How’s your heart?

heart

Photo Credit : Cathal Mac an Bheatha

It has begun… the emails suggesting presents, Pinterest pages and promotions for Valentine’s day are flooding my inbox!

Don’t get me wrong, those who know me well, know that I’m an old romantic and love nothing more than a good rom-com (much to the delights of my husband and teenage boys who are more into action, adventure and history films!)

But as Valentine’s day approaches, it got me thinking about our hearts, and how complex they are.

In fact, they are phenomenal.

Our hearts are a remarkable piece of architecture, engineering and art, all rolled into one.

Here are a few, fascinating facts about our hearts…

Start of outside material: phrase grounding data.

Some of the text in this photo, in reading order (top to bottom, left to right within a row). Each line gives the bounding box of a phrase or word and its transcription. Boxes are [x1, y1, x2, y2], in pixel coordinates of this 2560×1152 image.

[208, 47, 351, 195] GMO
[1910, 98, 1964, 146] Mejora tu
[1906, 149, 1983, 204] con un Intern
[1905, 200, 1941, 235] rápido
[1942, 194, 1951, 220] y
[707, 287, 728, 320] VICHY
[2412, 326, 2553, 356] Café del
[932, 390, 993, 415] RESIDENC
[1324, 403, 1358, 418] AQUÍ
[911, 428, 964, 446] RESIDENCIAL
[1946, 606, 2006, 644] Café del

  • Our heart is made up of muscle cells that are different in structure to every other cell in the body; they don’t fatigue in the same way as the rest of our cells.
  • This is just as well because our heart beats an average of 72 times each minute.
  • This equates to over 100,000 beats every day of our lives, meaning they can beat around 3 billion times in our lifetime – hopefully without stopping, or needing a service!
  • Our heart’s purpose is to serve almost every other cell in the body with blood, providing valuable nutrients and clearing away toxins.
  • Our heart is around the size of our fist when clenched, and weighs around 300 grams (the weight of a packet of biscuits).
  • Our heart pumps approximately 2,000 gallons of blood through 60,000 miles of connected blood vessels each day, at a rate anywhere between 5 and 30 litres of blood per minute.

Let’s put this into perspective; my car holds around 10 gallons of fuel in a full tank, and if I’m really lucky, will take me around 400 miles. To add to that, my heart can pump – in just one minute – around two-thirds of what my entire fuel tank can hold – and my car only goes 0.006 times as far, around 500 times slower!

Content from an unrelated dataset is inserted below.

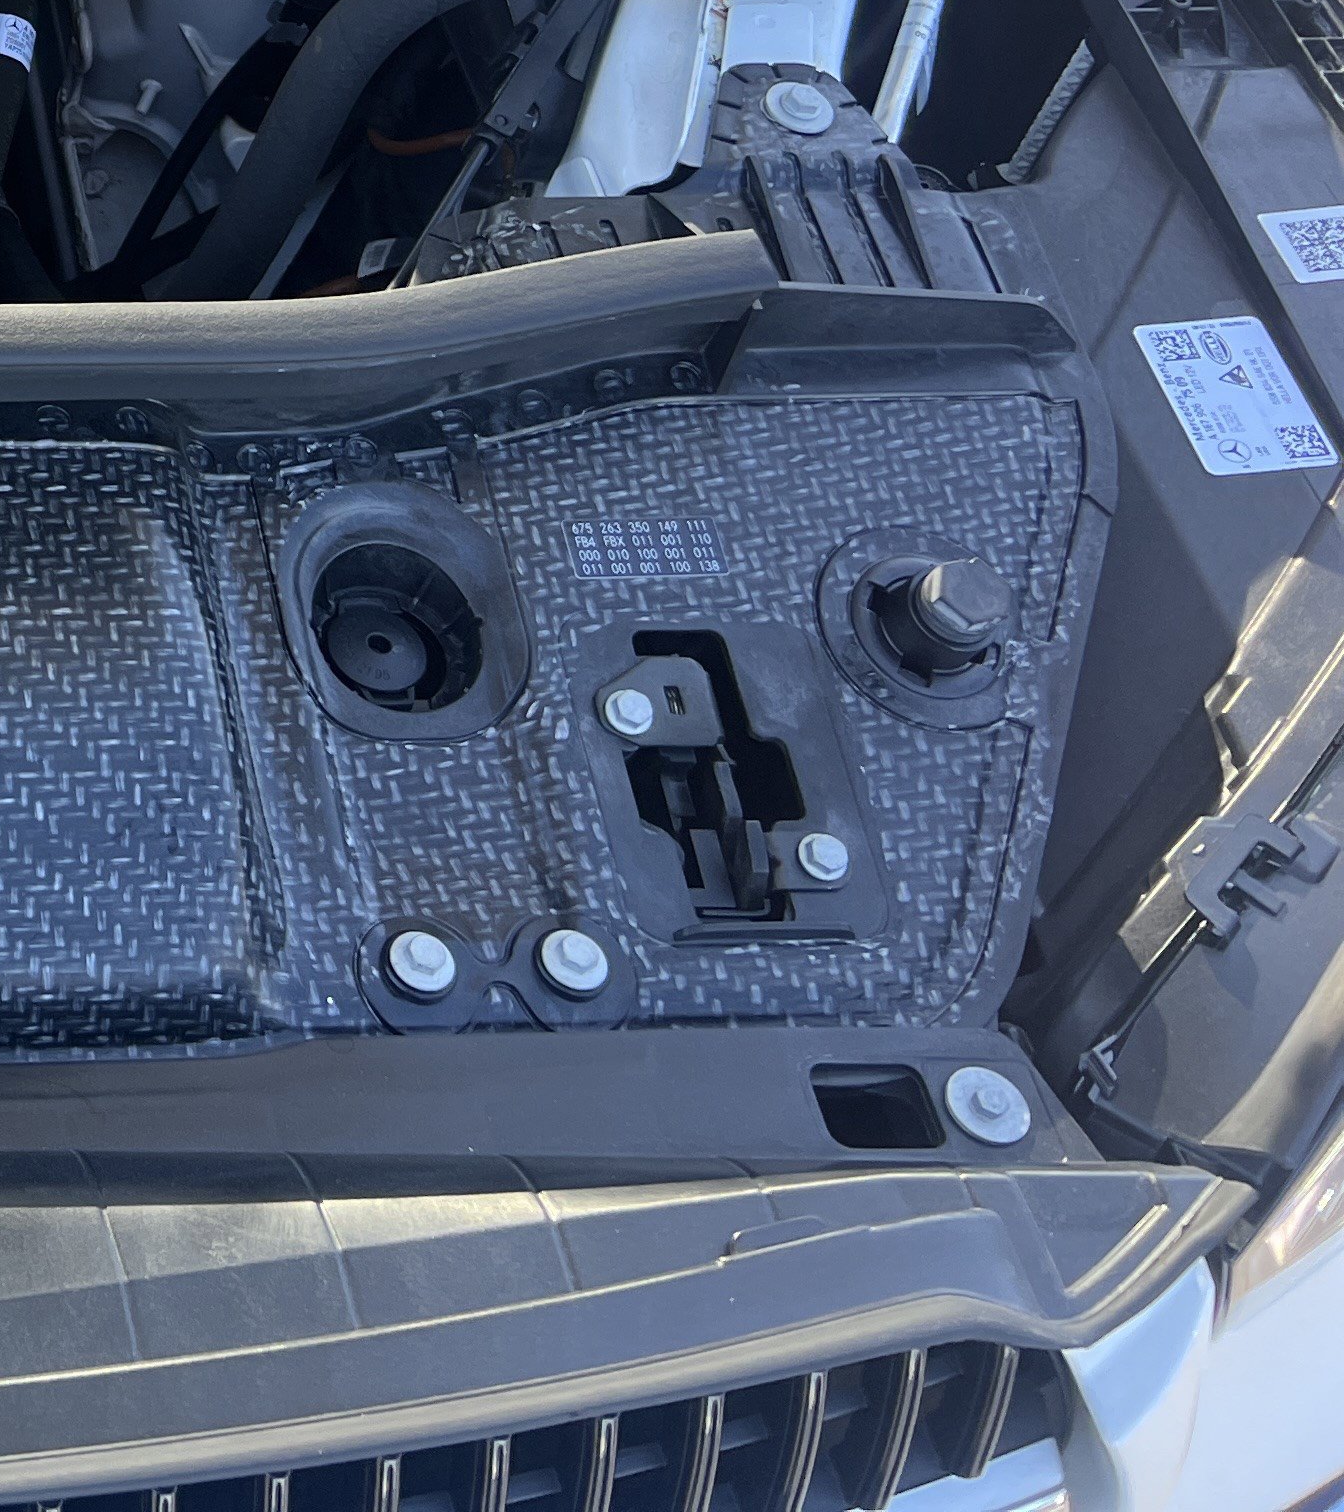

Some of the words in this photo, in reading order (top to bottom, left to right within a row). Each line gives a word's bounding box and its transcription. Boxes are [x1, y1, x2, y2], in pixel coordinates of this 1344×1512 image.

Another lesser-known feature of the heart is that it has a special blood supply all of its own. This supply branches from the base of the main blood vessel leaving the heart, and ensures that the heart is provided with all the blood it needs to remain healthy before it serves the rest of the body. 

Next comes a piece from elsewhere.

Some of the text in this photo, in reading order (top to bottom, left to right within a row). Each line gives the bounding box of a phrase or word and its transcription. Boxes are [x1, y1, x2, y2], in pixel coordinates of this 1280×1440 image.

Our hearts are not only amazing, but they play a vital role in keeping us alive. That is why we talk about being intentional about healthy eating and staying active to prevent heart disease and keep our hearts as healthy as possible.

But as Valentine’s day reminds us, our heart isn’t purely a physical structure or piece of anatomy – it is also where we associate feelings of love; including value, belonging and worth… and when we lack these feelings of love, we feel that in our heart too, and refer to ‘heartache’ or even ‘a broken heart’.

The bible talks about the greatest love being an “agape” love. This is a selfless, sacrificial, and unconditional love. It is this kind of Love God asks of his followers when he says the greatest commandment is to love God and love our neighbour as ourselves.

Whether you believe in God or read the Bible, the principle of loving others as ourselves is one I’d like to bring front and centre of our thoughts today.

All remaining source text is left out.